Anglican Church of Canada overturns original No result to usher in same sex marriages


Members of the Church of Canada thought that they had voted against a proposal to allow same-sex marriages to be celebrated in the church after it was announced by officials earlier this week that the motion had not been carried.

But 24 hours later all that had changed after the Anglican church said that the discovery of a voting error meant that the actual result meant that those who voted yes to a same-sex marriage proposal had carried the day.

The announcement made July 12 came less than 24 hours after it was thought participants in the church's General Synod rejected the motion.

The Church of Canada now has three years to think about the implications of this vote, as the proposition will need to pass a second reading at the next General Synod in Vancouver, British Columbia, in 2019.

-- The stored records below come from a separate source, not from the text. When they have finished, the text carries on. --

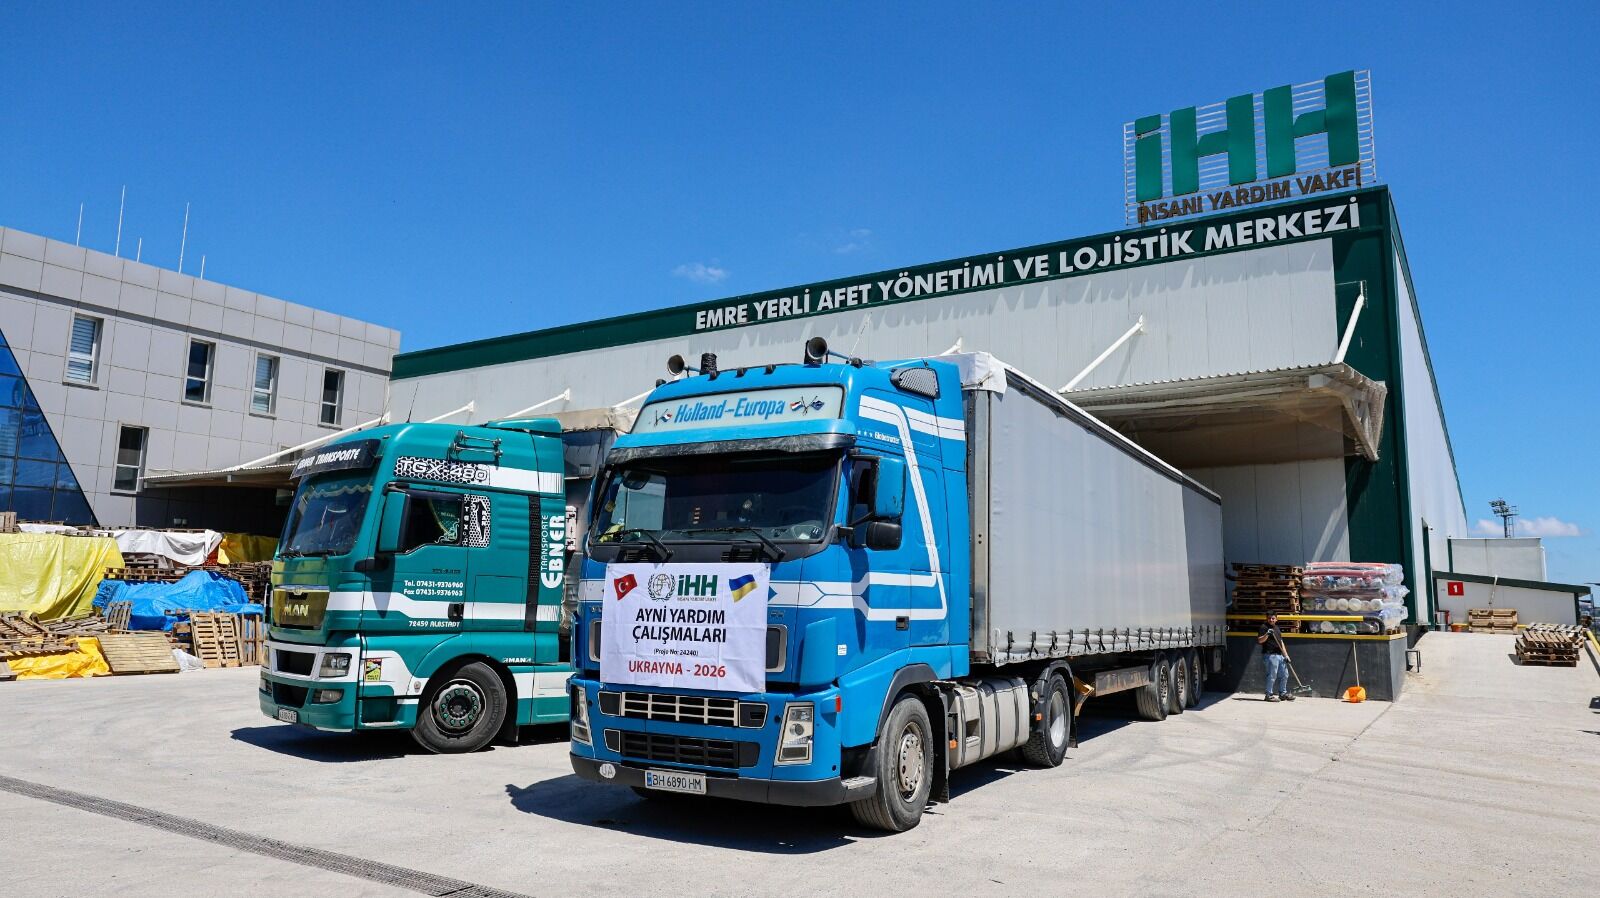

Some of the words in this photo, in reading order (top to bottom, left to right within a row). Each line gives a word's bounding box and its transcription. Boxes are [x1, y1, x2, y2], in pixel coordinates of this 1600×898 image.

[1207, 180, 1290, 210] YARDIM
[695, 303, 748, 330] EMRE
[753, 288, 810, 320] YERLİ
[817, 283, 872, 312] AFET
[877, 255, 1004, 301] YÖNETİMİ
[1013, 254, 1049, 281] VE
[1059, 228, 1195, 275] LOJİSTİK
[1204, 196, 1361, 251] MERKEZİ
[315, 448, 361, 465] TRANSPORTE
[540, 515, 565, 589] EBNER
[541, 514, 549, 571] TRANSPORTE
[1453, 584, 1458, 593] 1
[284, 604, 309, 617] MAN
[635, 606, 667, 623] AYNİ
[670, 608, 725, 625] YARDIM
[632, 625, 727, 644] ÇALIŞMALARI
[628, 660, 683, 675] UKRAYNA
[694, 664, 726, 678] 2026
[652, 774, 665, 786] BH
[667, 776, 687, 789] 6890
[688, 778, 702, 791] HM
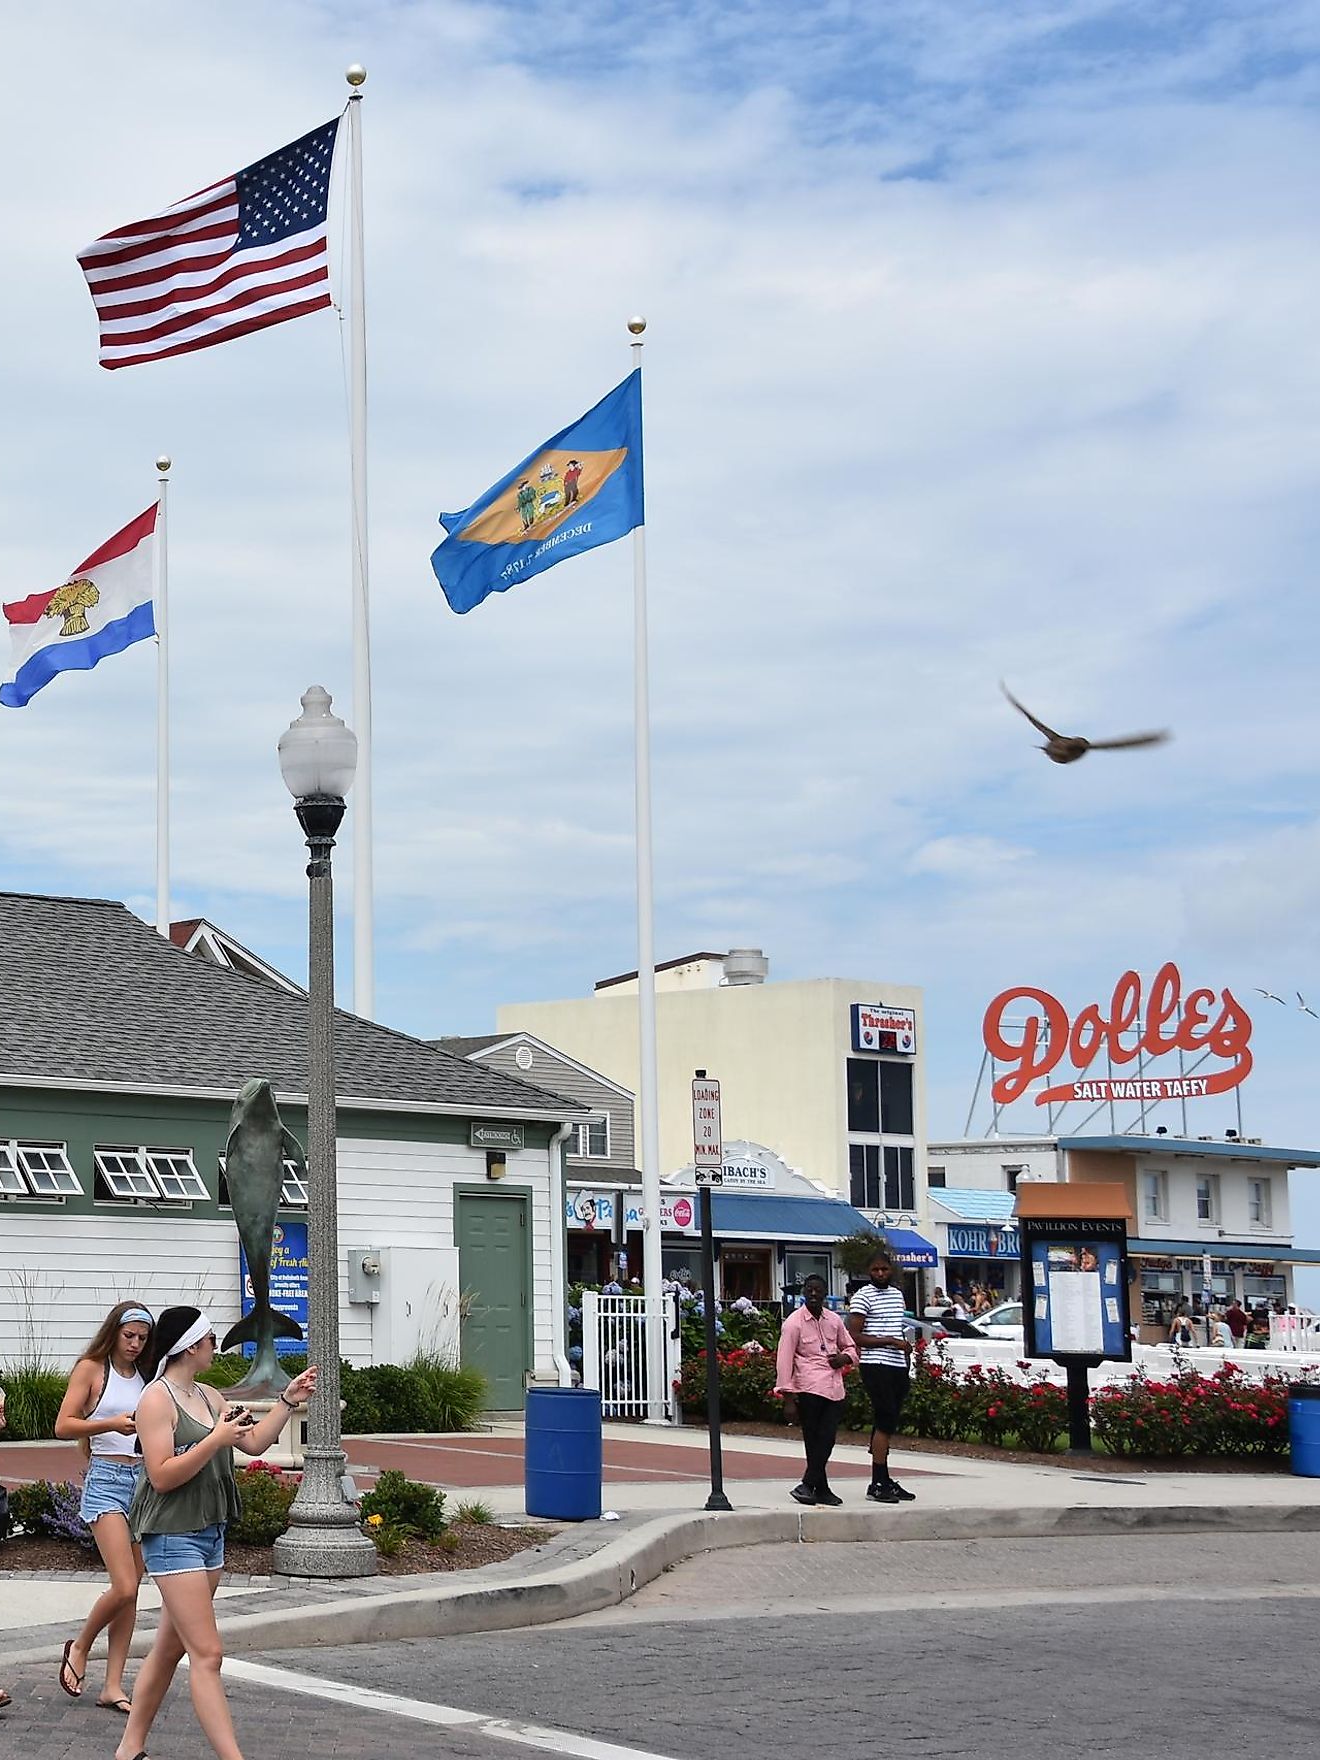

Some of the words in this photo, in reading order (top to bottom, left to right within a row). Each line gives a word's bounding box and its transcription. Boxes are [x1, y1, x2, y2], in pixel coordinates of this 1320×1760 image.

Anglicans in Canada had talked about the possibility of moving toward gay marriages instead of staying with a regime in which civil same-sex unions had the possibility to be blessed by an Anglican priest, but were in no way considered to be a sacred union. In the church's 2013 General Synod, the delegates asked that a commission on the marriage canon develop a motion in favour of same-sex marriages for this July.

In order to pass, the motion needed the approval of two-thirds of all three chambers: the bishops, clergy and laity. When the results came out late July 11, the floor of the General Synod was quiet as the 234 delegates realised that the motion failed to pass by only one vote from a member of the clergy.

The Rev. Michael Thompson, synod general secretary, announced July 12: "We discovered that the electronic voting system we were using miscoded my electronic file. I was listed, and my vote was counted, as a layperson instead of a priest. This one vote changed the outcome of resolution A051-R2, the resolution to amend the marriage canon."

The debate on same-sex unions for the Anglicans in Canada has been bitter at times. On July 11, knowing the pre-vote discussions would be emotional, the church's primate, Archbishop Fred J. Hiltz, warned against bullying on both sides.

"This kind of behaviour is not appropriate. It's unacceptable," he said. "We are all the body of Christ."